Research Paper Volume 12, Issue 10 pp 9534—9548

Figure 3. Enhancement of glycolysis reverses the anti-inflammatory effect of DEX on LPS-treated macrophages. (A and B) BMDMs were seeded in Seahorse XFe96 cell culture microplates and treated with 25 ng/ml GM-CSF for 24 h before being treated with 100 ng/ml LPS and 1 μM DEX for 4 h. The real-time ECAR was recorded, and basal glycolysis and glycolytic capacity values were plotted. n = 5; mean ± SEM; * P < 0.05. (C) BMDMs were treated with 25 ng/ml GM-CSF for 24 h before being treated with 100 ng/ml LPS and 1 μM DEX for 4 h.
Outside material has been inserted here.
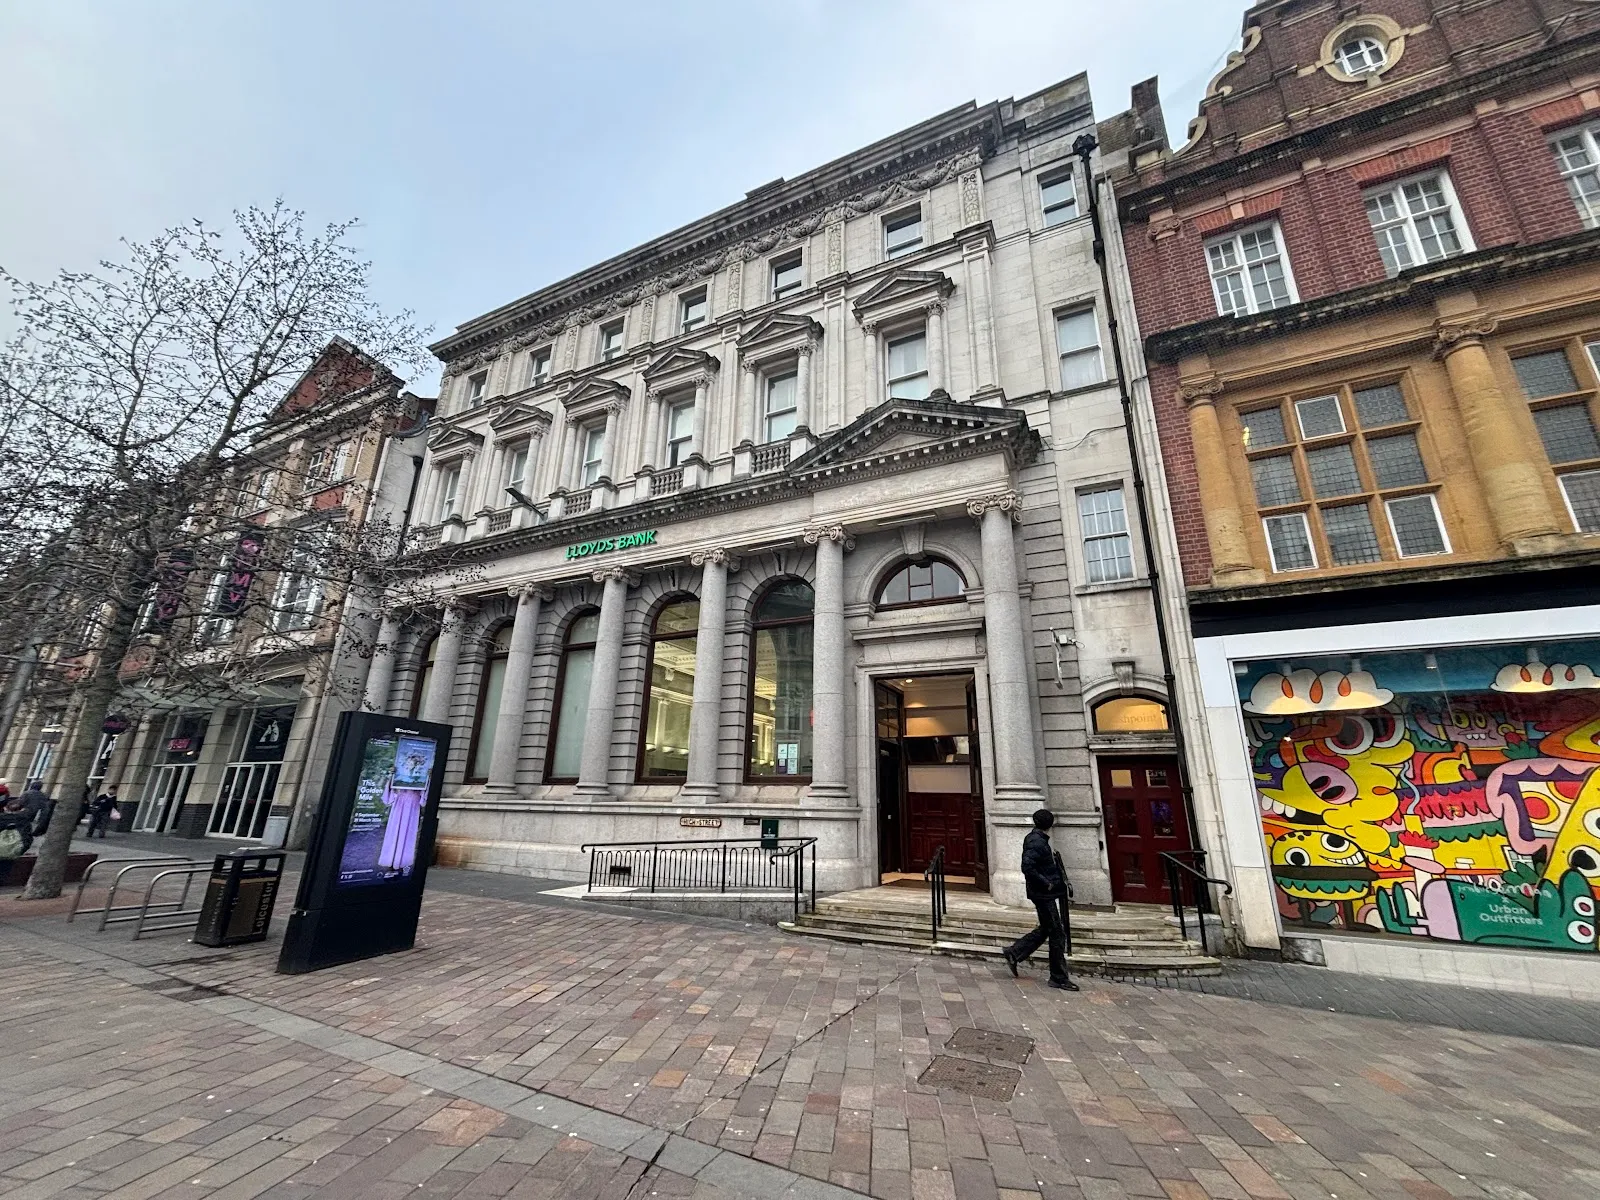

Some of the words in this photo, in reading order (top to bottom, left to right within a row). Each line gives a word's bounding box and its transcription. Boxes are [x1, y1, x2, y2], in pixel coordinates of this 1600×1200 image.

Supernatants were collected, and the levels of glucose and lactate were measured. n = 3; mean ±SEM; * P < 0.05. (D) BMDMs were treated with 25 ng/ml GM-CSF for 24 h before being treated with 100 ng/ml LPS and 1 μM DEX for 4 h. The mRNA levels of GLUT1, HK2 and PFKFB3 were determined by RT-PCR. n = 3; mean ± SEM; * P < 0.05. (E) BMDMs were treated with 25 ng/ml GM-CSF for 24 h before being treated with 100 ng/ml LPS and/or 5 mM ATP and 1 μM DEX for 4 h. Levels of IL-1β, TNF-α and IL-6 were measured by ELISA. n = 3; mean ± SEM; * P < 0.05; ** P < 0.01. (F) BMDMs were treated with 0.5mM or 10mM glucose before being treated with 100 ng/ml LPS and/or 5 mM ATP and 1 μM DEX for 4 h. Levels of IL-1β, TNF-α and IL-6 were measured by ELISA. n = 3; mean ± SEM; * P < 0.05.